Gulch (April 16, 1984 – January 17, 2016) was an American thoroughbred racehorse and sire. Owned and bred by Peter M. Brant, he was sired by the outstanding North American stud and graded stakes race winner Mr. Prospector out of the graded stakes race winning Rambunctious mare Jameela.

==Racing career==
Guided by Hall of Fame trainer LeRoy Jolley, Gulch was a precocious two-year-old, winning the Grade I Hopeful Stakes at Saratoga Race Course with Ángel Cordero Jr. astride by 3 1/2 lengths.

He was 5 for 6 that year going into the Breeders' Cup Juvenile, having won five starts in New York before finishing second to Capote in the Norfolk, and placed fifth to Capote, behind Alysheba and Bet Twice.

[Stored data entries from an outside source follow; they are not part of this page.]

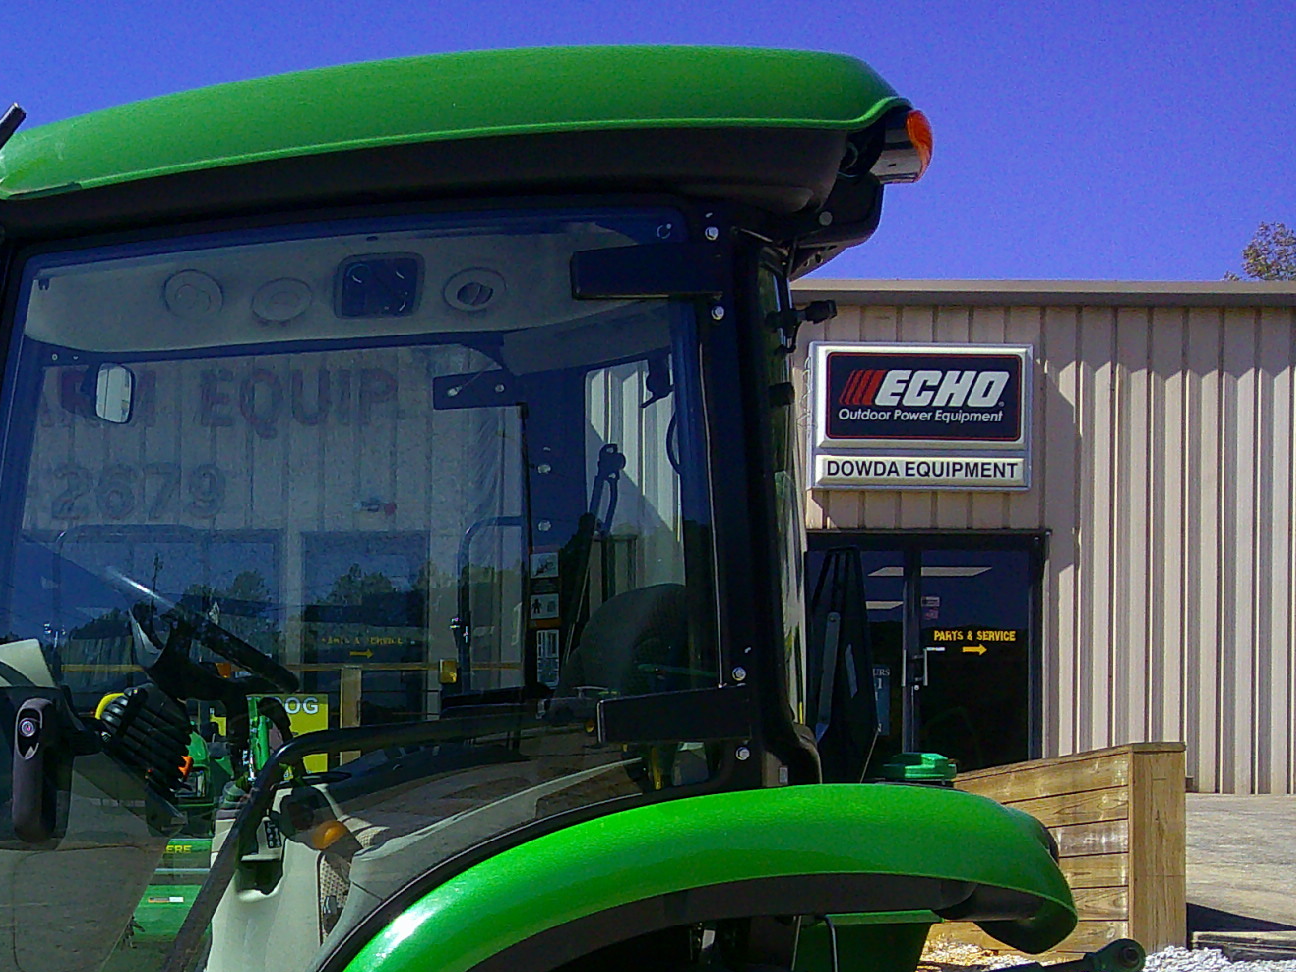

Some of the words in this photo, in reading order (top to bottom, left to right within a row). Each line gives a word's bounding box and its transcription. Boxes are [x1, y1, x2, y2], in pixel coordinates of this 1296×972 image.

[874, 369, 1010, 407] ECHO
[839, 408, 891, 420] Outdoor
[894, 409, 932, 421] Power
[935, 409, 1003, 423] Equipment
[827, 461, 899, 477] DOWDA
[906, 461, 1018, 478] EQUIPMENT
[933, 630, 964, 642] PARTS
[967, 630, 973, 641] &
[976, 630, 1017, 642] SERVICE

At three, being prepared for the Kentucky Derby, Gulch won the Wood Memorial with José A. Santos aboard. He also took the Grade II Bay Shore Stakes at Aqueduct Racetrack. Ridden by Willie Shoemaker in the 1987 Kentucky Derby, he raced wide in the stretch and placed sixth behind Alysheba. He also ran in the Preakness Stakes, where he finished fourth. He was third in the Belmont Stakes, in front of Alysheba but behind the winner, Bet Twice. In between the Preakness Stakes and the Belmont Stakes, he won the Metropolitan Handicap. He won that race again the next year.

Racing at age four in 1988, he was transferred to trainer D. Wayne Lukas. Lukas shortened most of his races to 1+1/8 mi or less, and Gulch won the Metropolitan Handicap and the Carter Handicap and placed second by 1 1/2 lengths in the Whitney Handicap to Personal Ensign. He also won the Breeders' Cup Sprint that fall and was named 1988's U.S. Outstanding Sprint Horse.

==Retirement==
Retired in 1989, Gulch stood at stud at Lane's End Farm. In spring 2010, Lane's End donated him to the Old Friends Equine retirement facility in Georgetown, Kentucky. Following the death of Ogygian on March 14, 2015, Gulch became the oldest living horse at Old Friends. On January 17, 2016, he was euthanized at the age of 31.

His progeny include $4 million winner Eagle Cafe, Harayir, Nayef, 1995 U.S. Champion 3-Yr-Old Colt Thunder Gulch, The Cliff's Edge, and Brave Tender.